The Alabama Department of Transportation (ALDOT) uses soil cement as base material where the availability of crushed limestone has become limited. Soil cement is essentially a mixture of soil, water, and portland cement. Soil-cement base can be mixed in-place using on-site materials or mixed in a central plant using local or borrow material. The strength of the soil-cement base is an important property. A soil-cement base that is too weak will not provide adequate support for traffic. Whereas soil cement base that has excessive cement and is too strong may develop wide shrinkage cracks that could lead to reflective cracking in the hot-mixed asphalt surface course. A difficulty of using soil-cement base is finding a suitable method to reliably assess its strength for quality assurance purposes. Currently, ALDOT requires a 7-day compressive strength of 250 to 600 psi as determined by testing cores recovered from the roadbed.
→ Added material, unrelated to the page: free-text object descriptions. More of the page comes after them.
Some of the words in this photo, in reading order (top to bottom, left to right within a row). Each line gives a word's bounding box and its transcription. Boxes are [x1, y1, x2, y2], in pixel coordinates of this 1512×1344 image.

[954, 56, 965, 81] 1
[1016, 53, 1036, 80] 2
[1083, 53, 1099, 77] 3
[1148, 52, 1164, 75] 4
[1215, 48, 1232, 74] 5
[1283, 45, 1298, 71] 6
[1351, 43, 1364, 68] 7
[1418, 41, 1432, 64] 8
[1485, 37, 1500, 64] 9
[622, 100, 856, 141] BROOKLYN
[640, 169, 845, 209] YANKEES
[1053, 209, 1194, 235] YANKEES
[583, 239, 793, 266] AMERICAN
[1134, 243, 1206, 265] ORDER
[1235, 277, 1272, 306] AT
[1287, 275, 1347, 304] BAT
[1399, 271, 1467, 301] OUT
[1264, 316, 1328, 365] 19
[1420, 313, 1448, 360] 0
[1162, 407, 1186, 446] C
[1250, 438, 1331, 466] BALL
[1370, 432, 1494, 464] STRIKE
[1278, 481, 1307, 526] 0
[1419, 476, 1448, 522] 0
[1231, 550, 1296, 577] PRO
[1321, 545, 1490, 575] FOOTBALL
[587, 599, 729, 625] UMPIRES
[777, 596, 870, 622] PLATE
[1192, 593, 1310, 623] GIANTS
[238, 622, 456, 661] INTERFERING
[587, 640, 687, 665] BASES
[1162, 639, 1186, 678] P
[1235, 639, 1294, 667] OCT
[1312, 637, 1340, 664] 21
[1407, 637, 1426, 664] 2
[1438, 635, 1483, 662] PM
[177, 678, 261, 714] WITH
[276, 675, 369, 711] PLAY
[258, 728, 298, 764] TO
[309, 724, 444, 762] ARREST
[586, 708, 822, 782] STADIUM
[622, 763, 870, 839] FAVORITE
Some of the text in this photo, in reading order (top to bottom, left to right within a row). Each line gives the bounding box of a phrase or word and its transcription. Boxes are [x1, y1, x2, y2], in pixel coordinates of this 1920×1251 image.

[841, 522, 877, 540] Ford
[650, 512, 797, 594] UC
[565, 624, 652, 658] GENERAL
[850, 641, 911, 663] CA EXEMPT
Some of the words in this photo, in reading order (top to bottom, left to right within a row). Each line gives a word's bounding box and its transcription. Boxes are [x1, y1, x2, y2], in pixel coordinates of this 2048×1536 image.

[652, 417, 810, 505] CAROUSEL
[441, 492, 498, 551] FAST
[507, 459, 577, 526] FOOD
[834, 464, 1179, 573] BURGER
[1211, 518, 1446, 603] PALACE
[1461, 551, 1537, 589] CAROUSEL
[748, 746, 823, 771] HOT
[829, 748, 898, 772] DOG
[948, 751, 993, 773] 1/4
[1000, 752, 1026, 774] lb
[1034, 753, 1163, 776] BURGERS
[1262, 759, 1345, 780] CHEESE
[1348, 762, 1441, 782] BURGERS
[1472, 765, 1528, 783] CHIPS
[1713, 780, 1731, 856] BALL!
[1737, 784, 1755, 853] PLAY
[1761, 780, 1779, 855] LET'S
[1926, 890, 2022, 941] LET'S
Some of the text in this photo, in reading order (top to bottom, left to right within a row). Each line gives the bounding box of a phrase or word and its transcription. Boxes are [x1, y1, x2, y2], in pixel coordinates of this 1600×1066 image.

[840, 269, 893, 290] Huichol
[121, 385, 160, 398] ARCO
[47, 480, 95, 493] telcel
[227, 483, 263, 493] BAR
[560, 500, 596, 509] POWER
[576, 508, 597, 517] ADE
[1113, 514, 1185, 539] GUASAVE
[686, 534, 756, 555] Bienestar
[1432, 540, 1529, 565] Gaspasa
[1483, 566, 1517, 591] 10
Note that the strength of soil cement is low and is approximately 6 to 12 percent of that of conventional 4,000 psi concrete. Results from ALDOT soil-cement base projects have revealed very high variability in core strength data. Cores taken a few feet apart on U.S. 84 had strengths that differed by more than 200 percent. The low strength desired for soil cement may be one reason why high variability in results are obtained when using core drilling and testing techniques originally intended for conventional concrete. It is also plausible that the variability in core results could be due to the materials, construction methods, or strength testing protocol used. The primary goal of this proposed work is to develop a method to reliably assess the strength of soil-cement base. For this research project, it is proposed to perform various tests during an ongoing ALDOT soil-cement base project on the Elba Bypass. By performing these tests, the cause of the high variability in core strength results can be identified.